**TASK TO COMPLETE**:
Make an exact copy of all the entries, but do not reproduce the pictures.

Stored data entries
########################################

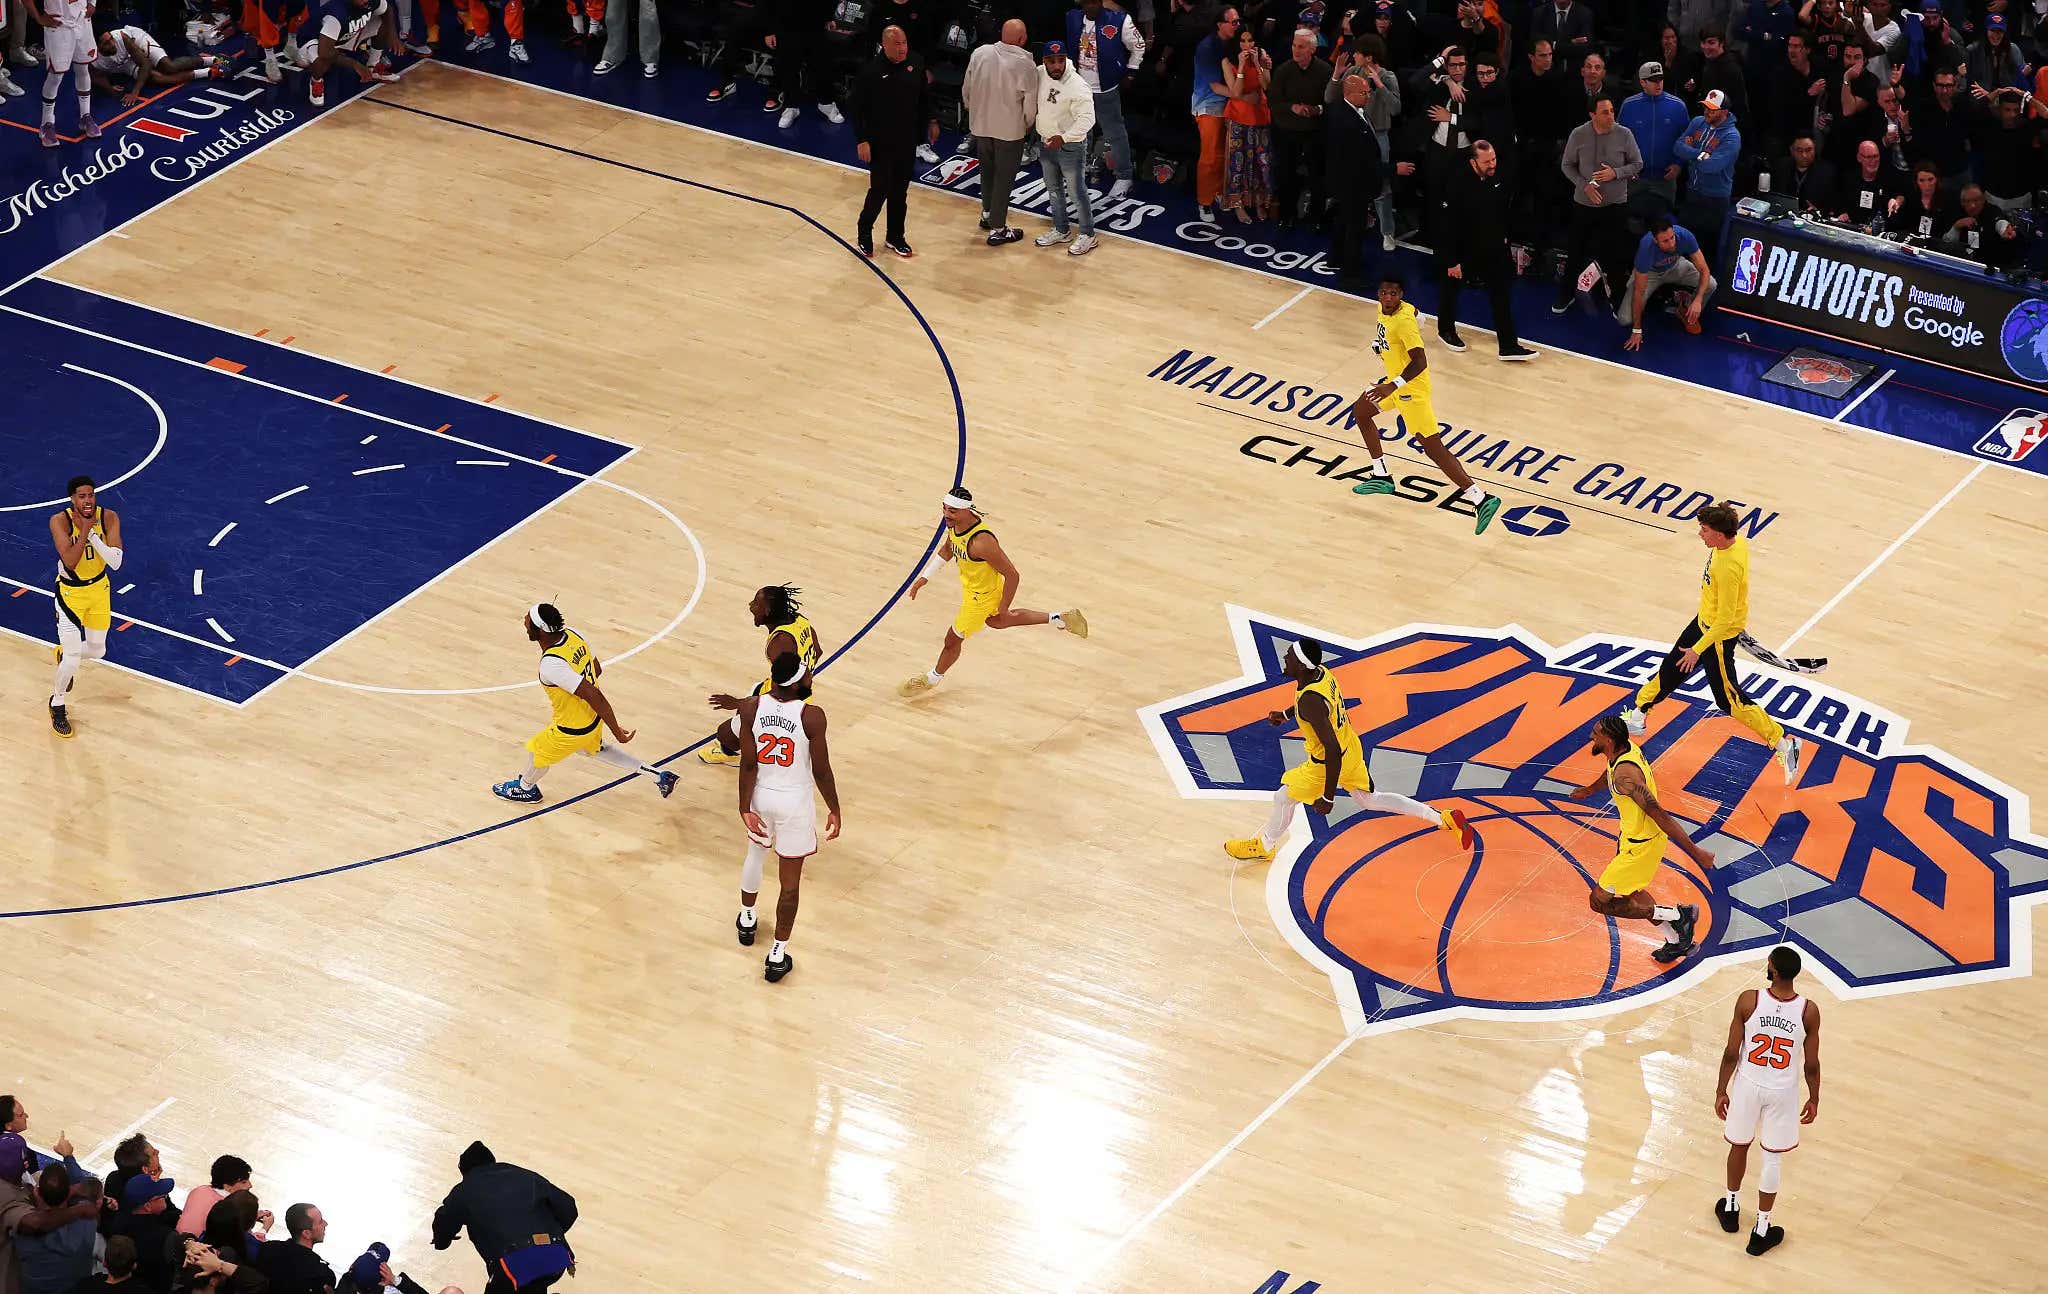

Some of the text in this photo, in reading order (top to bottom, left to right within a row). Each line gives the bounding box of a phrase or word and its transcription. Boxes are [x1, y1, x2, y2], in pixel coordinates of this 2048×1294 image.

[1046, 88, 1061, 104] K
[150, 105, 294, 182] Courtside
[0, 134, 145, 234] Michelob
[1758, 246, 1904, 328] PLAYOFFS
[1908, 285, 1966, 317] Presented by
[1904, 306, 1985, 347] Google
[1980, 442, 2008, 456] NBA
[1573, 462, 1780, 539] GARDN
[85, 545, 95, 560] 0
[760, 715, 797, 734] ROBINSON
[757, 732, 795, 768] 23
[1760, 1016, 1797, 1034] BRIDGES
[1748, 1033, 1795, 1070] 25

########################################

**RESPONSE TO THIS TASK**:
Some of the text in this photo, in reading order (top to bottom, left to right within a row). Each line gives the bounding box of a phrase or word and its transcription. Boxes are [x1, y1, x2, y2], in pixel coordinates of this 2048×1294 image.

[1046, 88, 1061, 104] K
[150, 105, 294, 182] Courtside
[0, 134, 145, 234] Michelob
[1758, 246, 1904, 328] PLAYOFFS
[1908, 285, 1966, 317] Presented by
[1904, 306, 1985, 347] Google
[1980, 442, 2008, 456] NBA
[1573, 462, 1780, 539] GARDN
[85, 545, 95, 560] 0
[760, 715, 797, 734] ROBINSON
[757, 732, 795, 768] 23
[1760, 1016, 1797, 1034] BRIDGES
[1748, 1033, 1795, 1070] 25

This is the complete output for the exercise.